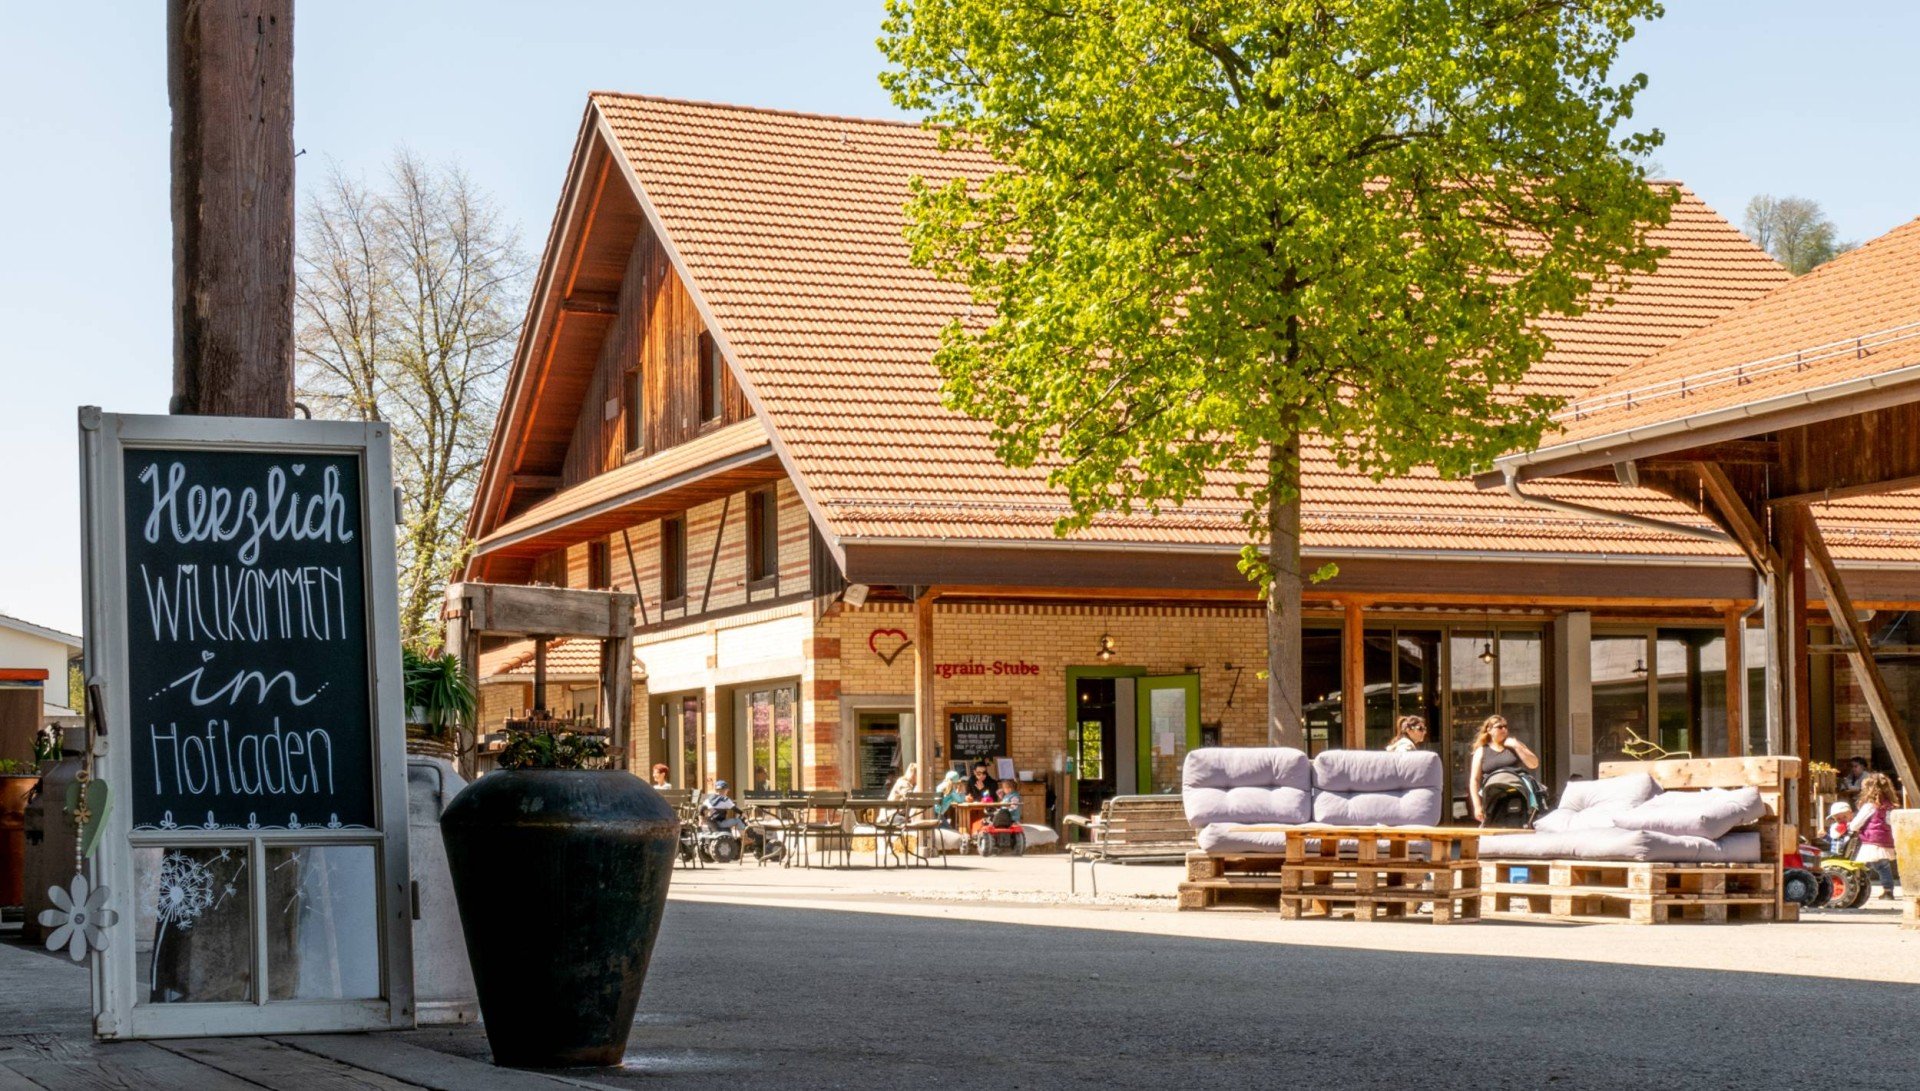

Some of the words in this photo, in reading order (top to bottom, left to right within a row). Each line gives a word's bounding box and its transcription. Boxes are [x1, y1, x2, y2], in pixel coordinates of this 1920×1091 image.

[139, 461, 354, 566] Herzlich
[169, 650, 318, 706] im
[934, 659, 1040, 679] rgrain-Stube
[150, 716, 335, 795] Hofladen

#### TASK
Write out the listing above exactly, images omitted.

#### RESPONSE FOR THIS EXERCISE
Some of the words in this photo, in reading order (top to bottom, left to right within a row). Each line gives a word's bounding box and its transcription. Boxes are [x1, y1, x2, y2], in pixel coordinates of this 1920×1091 image.

[139, 461, 354, 566] Herzlich
[169, 650, 318, 706] im
[934, 659, 1040, 679] rgrain-Stube
[150, 716, 335, 795] Hofladen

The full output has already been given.